En retrospectiva, la victoria electoral de Trump no debió haber sido tan impactante. Su plataforma basada en resentimientos de clase y raza era justo lo que querían oír los inconformes votantes blancos que constituyen la base republicana. Lo más sorprendente es lo bien que la agenda política del presidente Trump engranó con el largamente establecido proyecto republicano. Desde luego, es probable que sus intentos de prohibir la entrada a gente de países musulmanes y de­portar a más inmigrantes ilegales no cumplieran con los objetivos de los republicanos pronegocios, que tienden a acoger a los inmigrantes como fuerza laboral. Su proteccionismo gratuito también causó ten­siones con los intereses corporativos. Pero en todos los demás frentes su política interna se atenía a los deseos normales de su partido.

La reforma fiscal del presidente Trump en 2017 fue un sueño cumplido para incluso los más fervientes evangelistas contra los im­puestos de la derecha republicana. De acuerdo con estimaciones de la Casa Blanca, hacia finales de 2018 los ingresos federales decrecieron a 16.7% del PIB, un punto porcentual menos que en el último año de la administración de Obama.

En cuanto al gasto, su gobierno no sólo permitió a los estados purgar de beneficiarios las listas de Medicaid, también se ha esforzado en recortar los vales de despensa. En un decreto que firmó en abril de 2018, el presidente ordenó a todas las agencias de gobierno reformar sus programas de bienestar “para fomentar el trabajo y reducir la de­pendencia”, estableciendo, para los estadounidenses no discapacitados en edad laboral, requerimientos de trabajo tan estrictos “como lo permita la ley actual”. La propia Casa Blanca estima que esta nueva medida podría afectar hasta a 34 millones de personas. En última instancia, el presidente está proponiendo una red de seguridad muy estrecha, que resulta inútil para quienes más la necesitan.

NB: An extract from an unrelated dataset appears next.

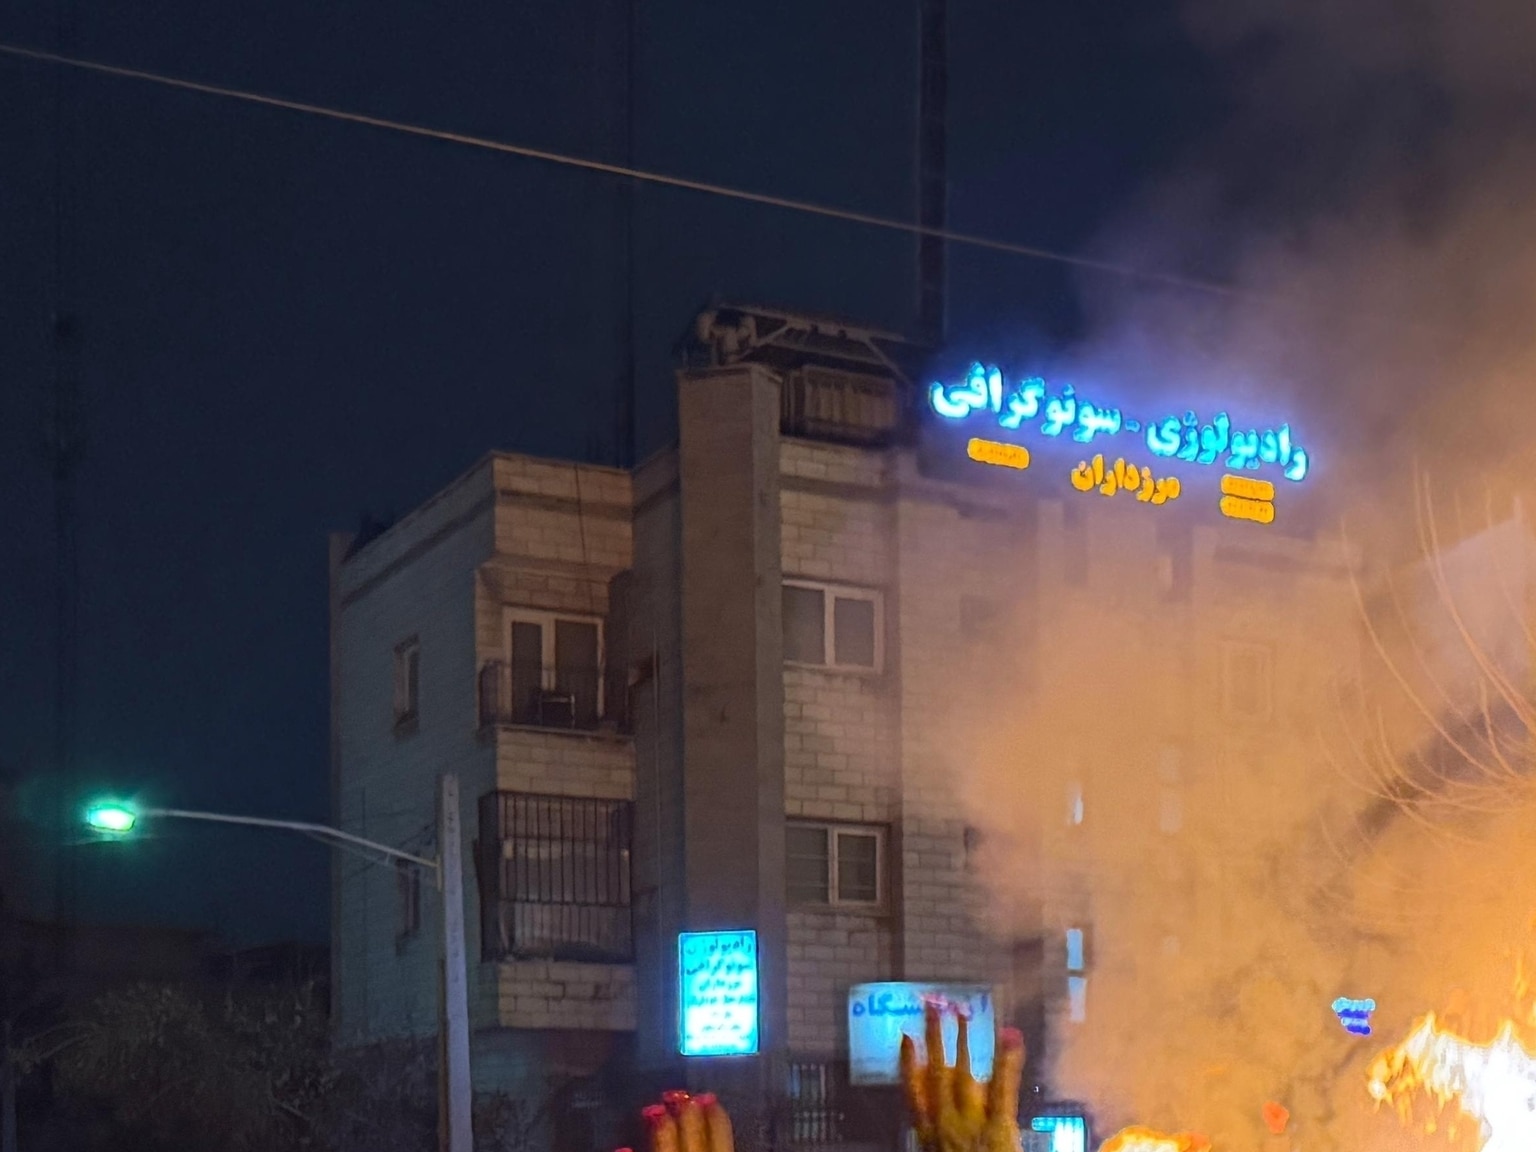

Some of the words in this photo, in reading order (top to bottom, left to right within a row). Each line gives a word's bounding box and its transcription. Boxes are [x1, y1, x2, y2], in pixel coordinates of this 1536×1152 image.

La estrategia de Trump conjuga sin problema con la agenda fe­deralista: la demanda de control de los estados sobre las políticas del gobierno que, desde la Reconstrucción, se promovió por todo el sur con la intención de coartar programas federales que pudieran beneficiar a los afroamericanos. “Al separar a la autoridad local de la nacional, el federalismo estadounidense permitía a las comunidades locales invalidar a las mayorías nacionales en cuestiones básicas de ciudadanía —escribieron los politólogos Robert Lieberman y John Lapinski—. Incluso [y sobre todo] en partes del sur donde los negros eran mayoría.”

En términos políticos, Trump debe su victoria al proceso con­ tinuo de clasificación racial que empezó hace más de medio siglo, cuando los demócratas blancos del sur respondieron a la agenda de derechos civiles del presidente Johnson desertando de su partido para hacerse republicanos. Al pasar de los años, ese proceso transformó al GOP (Grand Old Party) en defensor de los privilegios de los blancos, en una organización ansiosa por proteger al país de las demandas de la gente de color. También transformó al sur en un enclave republicano seguro por generaciones.

1.  Las leyes Jim Crow empezaron a ser promulgadas principalmente en los esta­dos del sur, unos 17 años después de la Guerra de Secesión. Bajo el lema “separados pero iguales”, mantenían la segregación racial en las instalaciones públicas y su efec­ to se extendía a casi todos los ámbitos de la vida de los afroamericanos y otros grupos étnicos no blancos como desventajas legales y políticas, económicas, educativas y sociales. [N. del T.]

2  Demarcación entre los estados de Maryland, Pensilvania, Virginia Occidental y Delaware cuando eran colonias británicas y resucitada después de que Pensilvania empezara a abolir la esclavitud. En lenguaje popular la línea Mason-Dixon se usa como símbolo de una frontera cultural entre el norte y el sur de Estados Unidos. [N. del T.]